Il y a des adresses qui s’imposent comme des évidences. Pour Charles, Harrods Village — ancien garde-meubles d’Harrods sur la Tamise, à Londres — était un vœu ancien qui est devenu réalité. Après un achat avorté, l’annonce de cet appartement surgit : vue sur les jardins, lumière franche, promesse d’une belle vie…
Restait néanmoins à trouver l’architecte capable d’en comprendre l’âme. Anaïs Blehaut, de l’agence daab design, capte d’emblée le désir d’un lieu sensoriel et sensible. Charles rêvait de moulures ; elle réoriente le projet vers l’esprit, plus juste, d’entrepôt. Lignes claires, gestes francs, matériaux vrais.

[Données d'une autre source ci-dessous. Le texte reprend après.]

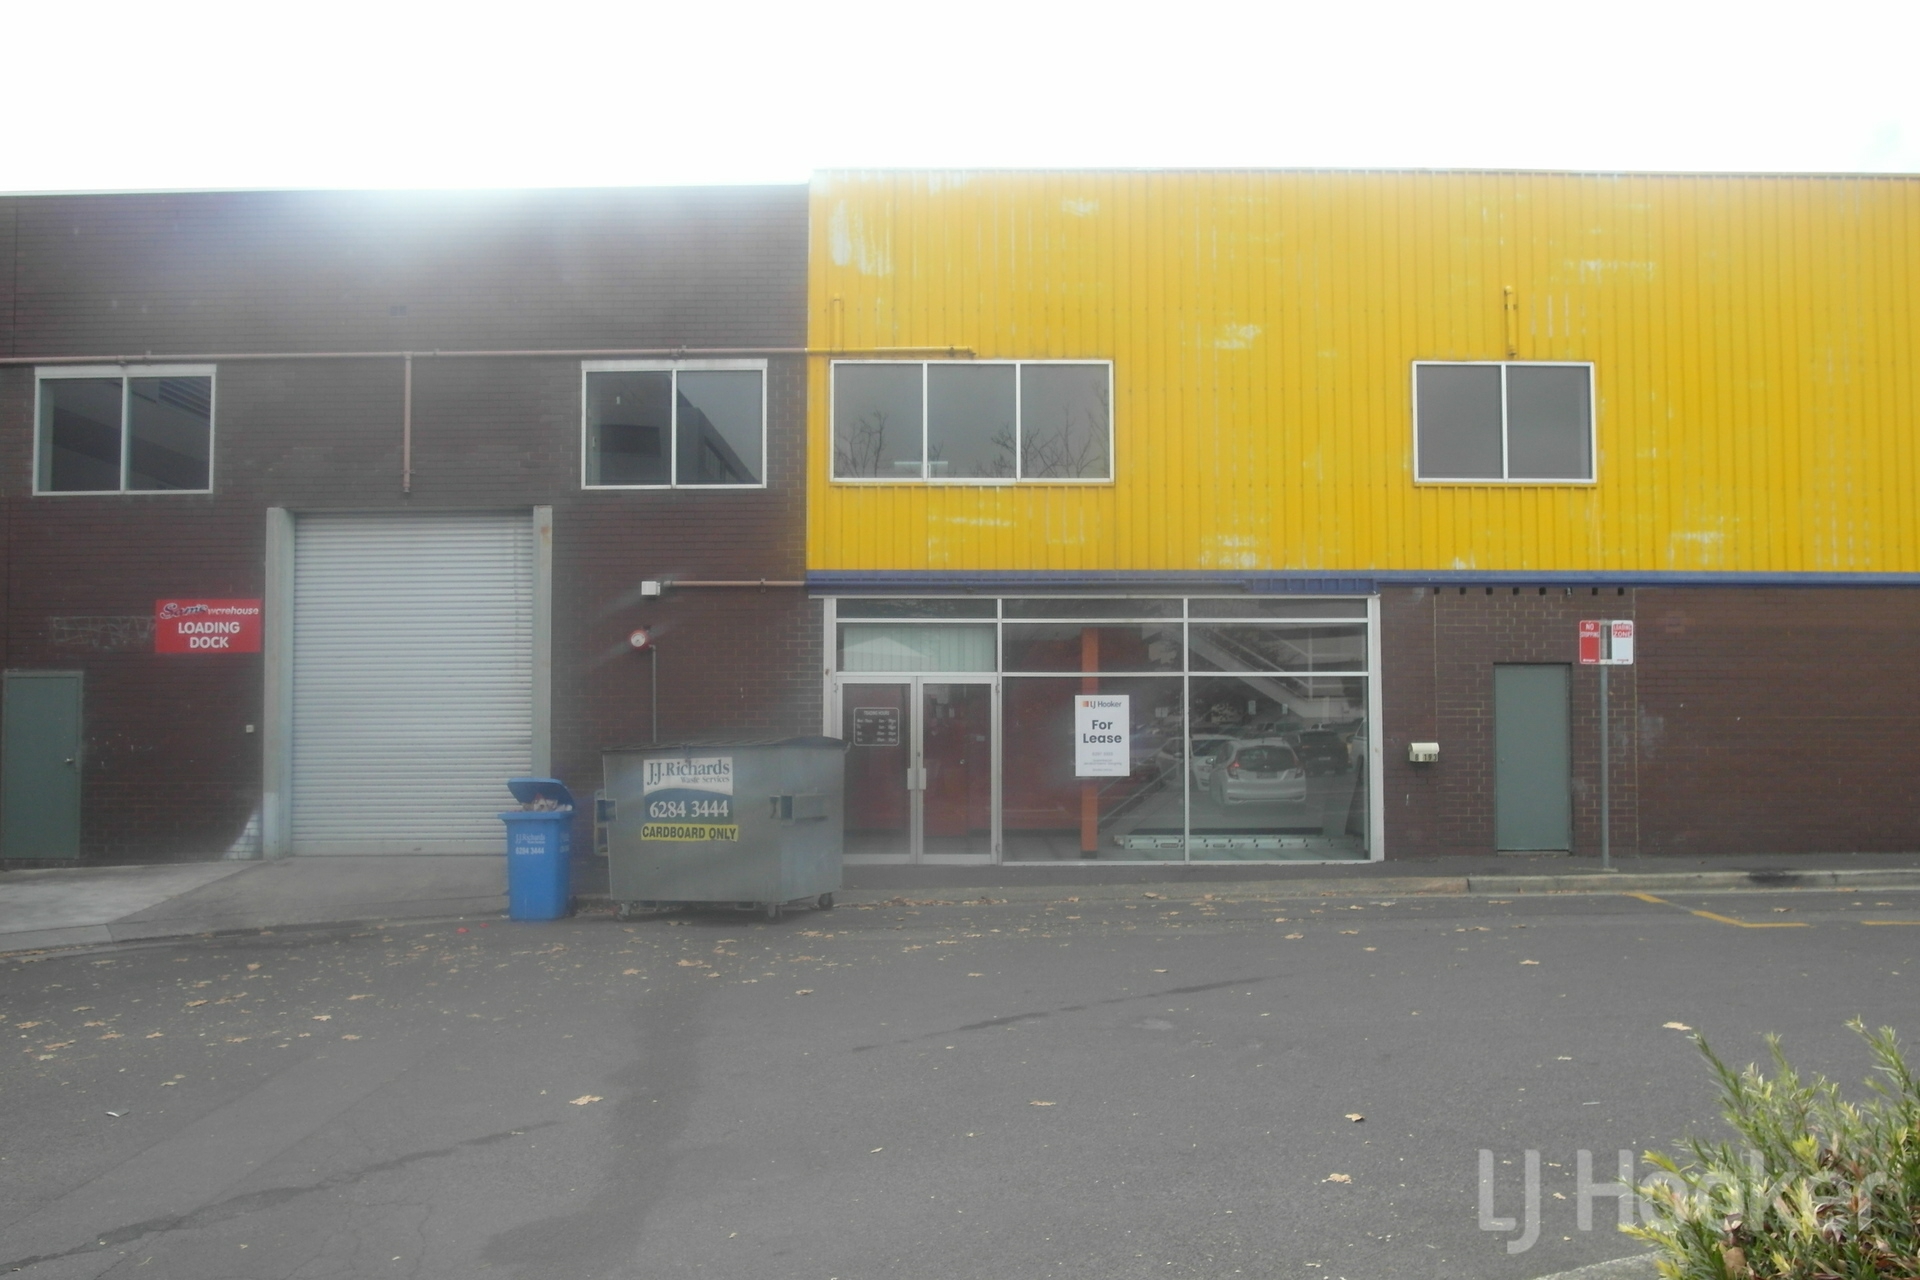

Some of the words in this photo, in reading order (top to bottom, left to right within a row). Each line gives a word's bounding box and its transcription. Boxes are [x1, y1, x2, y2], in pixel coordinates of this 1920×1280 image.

Autour de grandes tables, ils touchent, trient, resserrent. Gemmologue, Charles aime les pierres mais Anaïs lui ouvre aussi le monde du bois, des patines et des niveaux de tolérance… forcément différents entre joaillerie et bâtiment ! « Nous avons agrandi l’appartement en longueur et en hauteur », résume l’architecte. Le faux plafond disparaît, le plan est repensé pour libérer les quatre grandes fenêtres cintrées en acier. Les portes s’alignent avec les arches, les menuiseries en miroir prolongent les perspectives, des modules sur mesure unifient l’espace au lieu de le découper. Sous les pas, un parquet blanchi ; pour les plans de travail comme pour habiller les salles d’eau, du calcaire et de la pierre de lave. Un luxe discret, précis.
L’appartement retrouve son caractère : on y dîne, expose, vit. Ouvert et intime à la fois, il reflète autant l’histoire du bâtiment que la main de l’architecte — et la personnalité de Charles, qui aime y travailler. « Vivre dans du beau est inspirant pour créer du beau », résume-t-il.